EXERCISE REQUIREMENTS – Return the entries exactly. Images are not part of the copy.

Top of DATASET EXTRACT

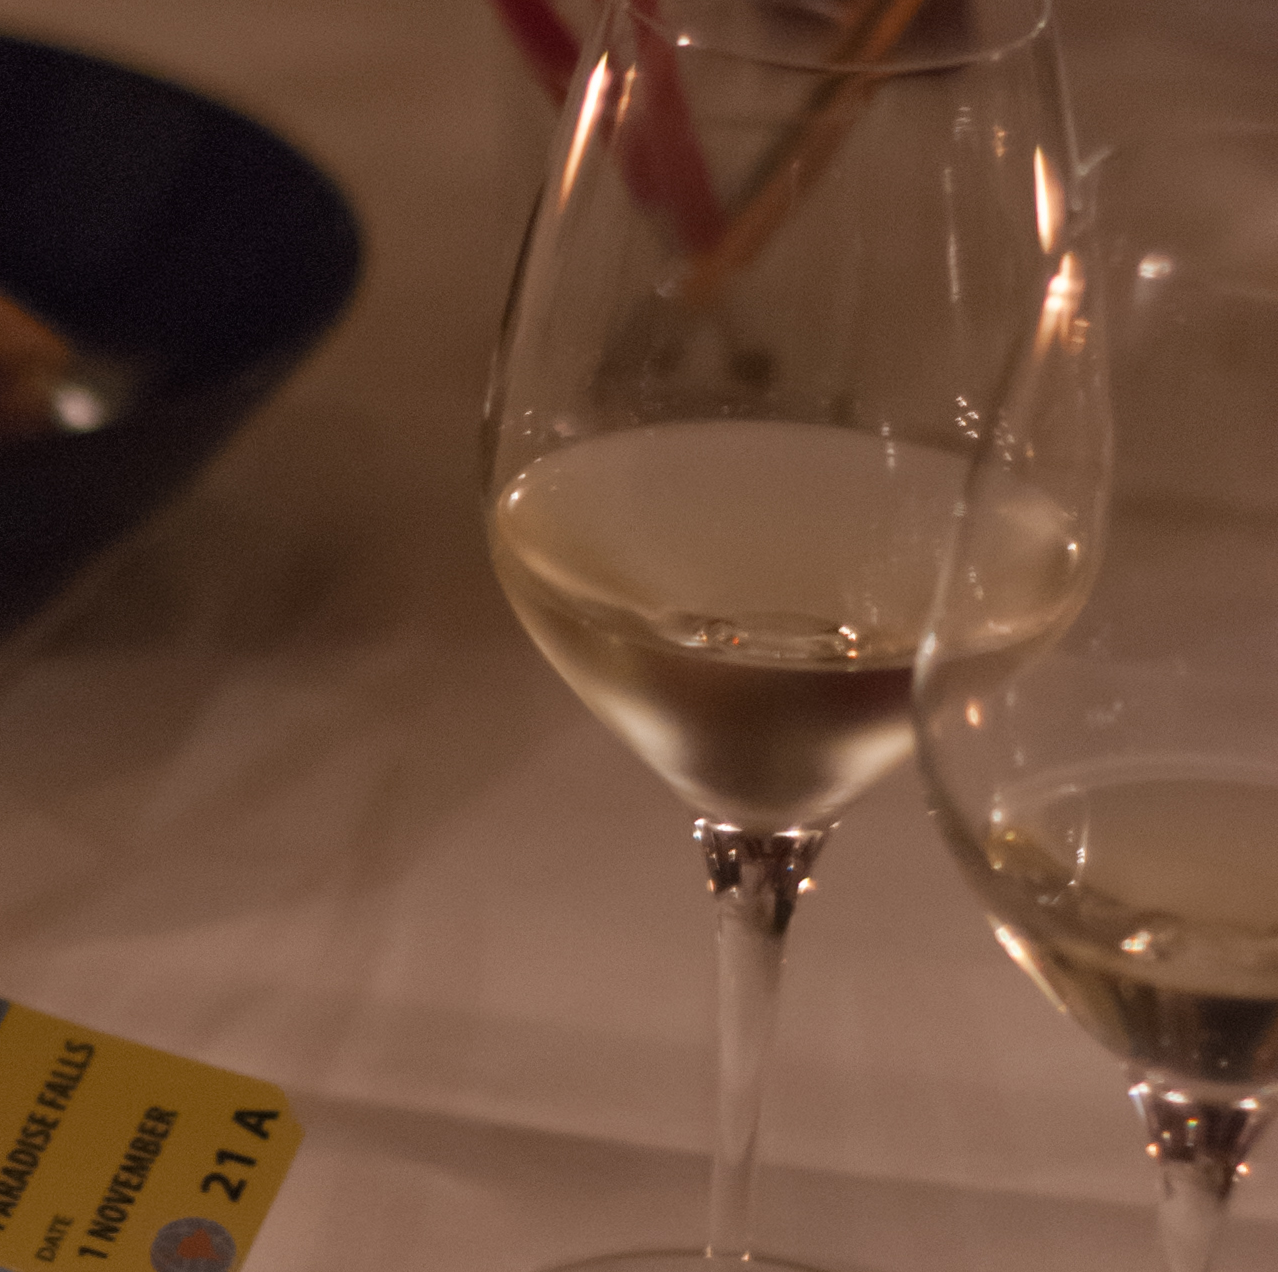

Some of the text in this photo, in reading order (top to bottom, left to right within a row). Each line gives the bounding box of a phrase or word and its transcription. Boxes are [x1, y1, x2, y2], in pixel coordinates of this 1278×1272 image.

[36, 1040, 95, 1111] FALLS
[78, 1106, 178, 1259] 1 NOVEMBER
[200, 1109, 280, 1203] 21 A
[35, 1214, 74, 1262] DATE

Bottom of DATASET EXTRACT

RESPONSE TO THIS TASK –
Some of the text in this photo, in reading order (top to bottom, left to right within a row). Each line gives the bounding box of a phrase or word and its transcription. Boxes are [x1, y1, x2, y2], in pixel coordinates of this 1278×1272 image.

[36, 1040, 95, 1111] FALLS
[78, 1106, 178, 1259] 1 NOVEMBER
[200, 1109, 280, 1203] 21 A
[35, 1214, 74, 1262] DATE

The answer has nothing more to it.